START Materials provided
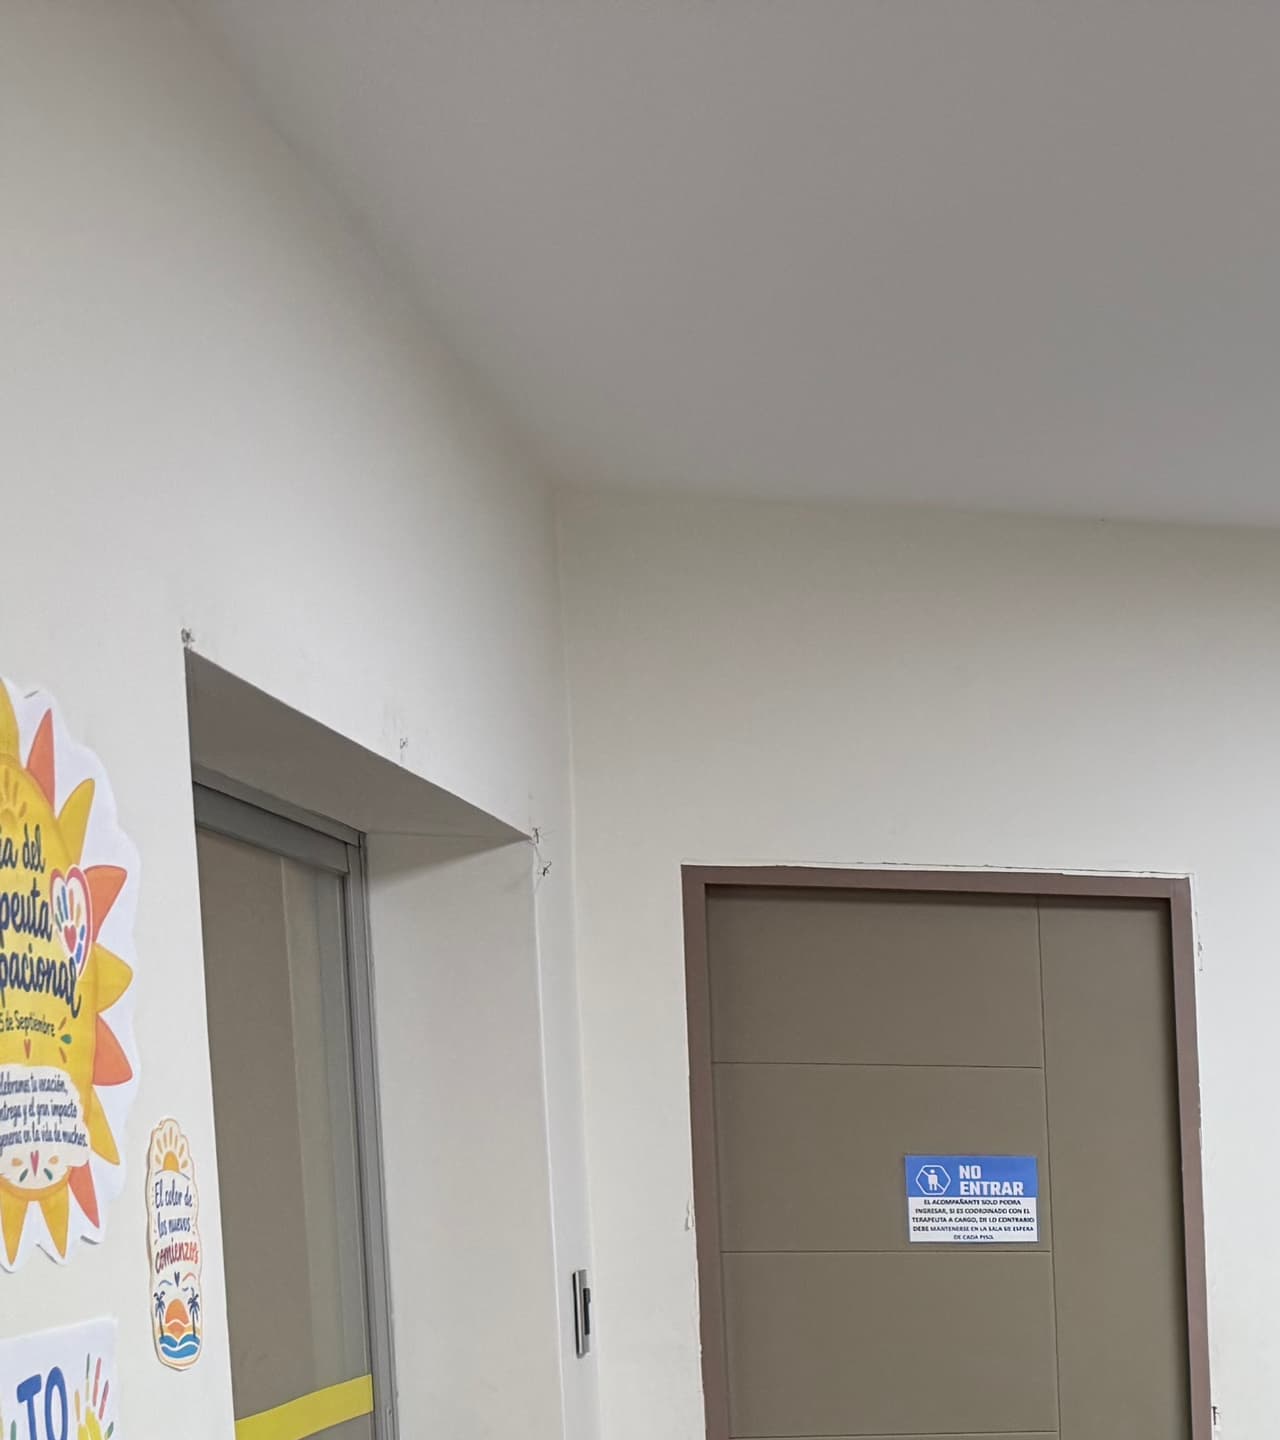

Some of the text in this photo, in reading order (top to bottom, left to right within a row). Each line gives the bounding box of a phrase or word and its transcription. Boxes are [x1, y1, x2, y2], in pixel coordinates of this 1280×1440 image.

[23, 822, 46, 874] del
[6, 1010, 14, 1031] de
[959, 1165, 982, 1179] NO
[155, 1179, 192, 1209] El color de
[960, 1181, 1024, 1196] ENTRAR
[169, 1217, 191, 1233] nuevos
END Materials provided
Instructions for the task - Give back the whole listing as it stands, minus its pictures.

Answer box -
Some of the text in this photo, in reading order (top to bottom, left to right within a row). Each line gives the bounding box of a phrase or word and its transcription. Boxes are [x1, y1, x2, y2], in pixel coordinates of this 1280×1440 image.

[23, 822, 46, 874] del
[6, 1010, 14, 1031] de
[959, 1165, 982, 1179] NO
[155, 1179, 192, 1209] El color de
[960, 1181, 1024, 1196] ENTRAR
[169, 1217, 191, 1233] nuevos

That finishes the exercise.